Dr. Joseph I. Castro, who became California State University (CSU) chancellor in January of this year, is embarking on a virtual tour of the 23-campus system – and CSUDH had the honor of being his first stop on Feb. 19. The jammed packed day of meetings and introductions allowed the new chancellor to get to know the campus community and the broad impact the Toro Nation has on the region.
CSUDH President Thomas A. Parham and First Lady Davida Hopkins-Parham welcomed Chancellor Castro and his wife, Mary, during his first of 11 Zoom sessions that took place throughout the day.
During his morning meetings, Castro met with the president’s cabinet, the Academic Senate, Associated Students, Inc., the Loker Student Union, and Presidential Scholars, alumni, and external stakeholders to learn about the university’s successes and its most pertinent issues.
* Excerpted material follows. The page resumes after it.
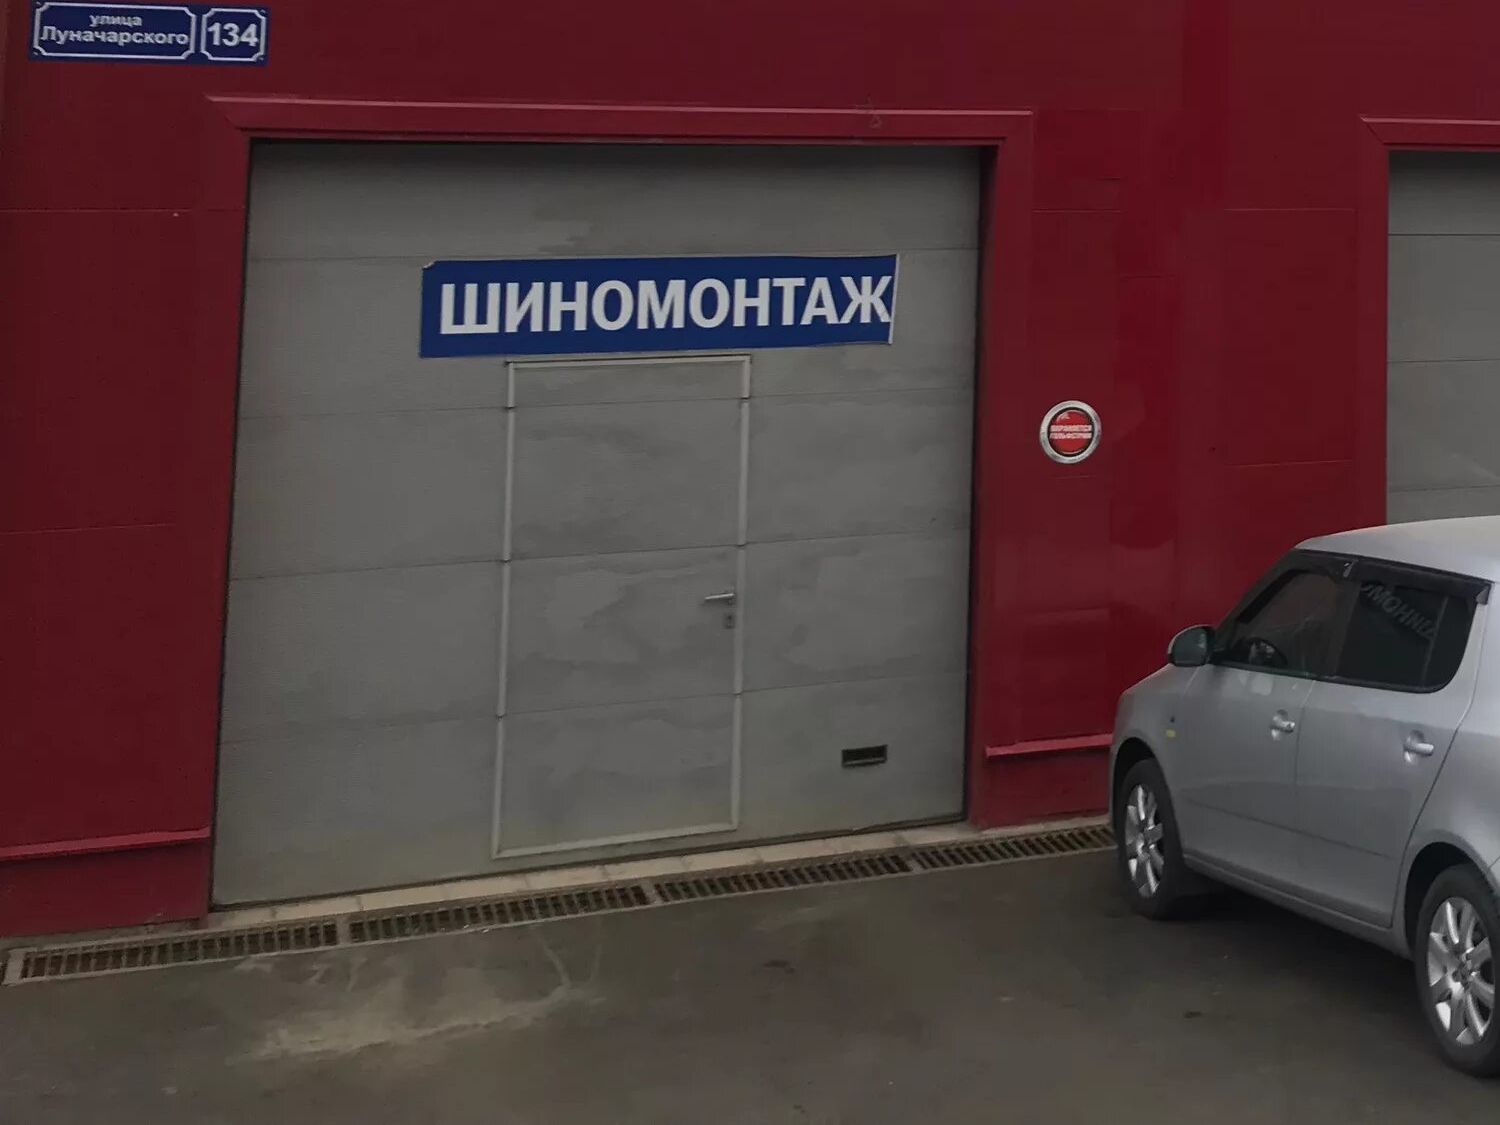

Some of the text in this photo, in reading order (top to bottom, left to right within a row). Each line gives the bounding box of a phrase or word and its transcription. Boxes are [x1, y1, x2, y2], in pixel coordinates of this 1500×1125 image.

[89, 14, 142, 27] улица
[40, 25, 189, 46] Луначарского
[207, 22, 259, 47] 134
[440, 275, 893, 335] ШИНОМОНТАЖ
After spending lunch with President Parham and the cabinet, Castro virtually sat down with campus union representatives, the Philanthropic Foundation board of directors, and the CSUDH Foundation.
“I appreciate the opportunity to visit CSU Dominguez Hills today. I have wanted to learn more about your campus, but have not had the chance to visit,” said Castro during the Campus Open Forum toward the end of his day. “I’m looking forward to visiting one day soon, but it has been an incredible learning experience for me so far.”
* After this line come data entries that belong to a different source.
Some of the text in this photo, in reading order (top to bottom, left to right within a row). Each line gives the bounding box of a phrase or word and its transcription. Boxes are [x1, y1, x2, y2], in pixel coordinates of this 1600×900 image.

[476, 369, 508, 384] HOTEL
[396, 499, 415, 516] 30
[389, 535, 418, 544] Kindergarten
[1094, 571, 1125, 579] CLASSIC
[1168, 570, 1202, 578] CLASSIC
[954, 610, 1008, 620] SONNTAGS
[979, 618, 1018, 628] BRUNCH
CSU Chancellor Joseph Castro met with a variety of external stakeholders during his CSUDH visit: Alumnus and Lynwood Councilmember Jose Luis Solache; Los Angeles Chamber Board President Maria Salinas; Compton College President Keith Curry; El Camino President Dena P. Maloney; Brotherhood Crusade President Charisse Bremond Weaver; Los Angeles Sentinel Executive Editor Danny Bakewell, Jr.; Los Angeles Economic Development Corporation CEO Bill Allen; and Urban League President Michael Lawson.
The open forum provided an opportunity for the chancellor to hear from the campus community. He took a number of questions on such issues as budget allocation, mental health and wellness, supporting non-tenured faculty, and such controversial topics as campus police funding and decreasing student tuition during the pandemic.
Regarding tuition, Castro said, “I am happy that our tuition has remained largely flat over the last 10 years with just one year when it went up. We will not raise tuition next year and will continue to be one of the best values in the entire country,” he explained.
“Having said that, I know that students are suffering,” he added. “That is why emergency grants that are coming through the state and the federal government will help, and why the philanthropic efforts to get more funding for scholarships, food security programs, and housing security programs are so important.”
Chancellor Joseph Castro took time to field questions from local media outlets. Zooming into the session were the Los Angeles Times, the Los Angeles Sentinel, NBC-4, ABC-7, and KTLA-5.
To cap the day, the chancellor regrouped with the president and his cabinet and other CSUDH administrators to learn more about the university’s points of pride.
“It makes me so proud to know what’s happening here under the bold leadership of President Parham. I have felt the excitement and energy in every single meeting,” Castro said during the Open Forum. “While I know there are challenges, I’m so proud of what has happened on the campus and the partnerships that have been developed are very impressive. I think the future is very bright.”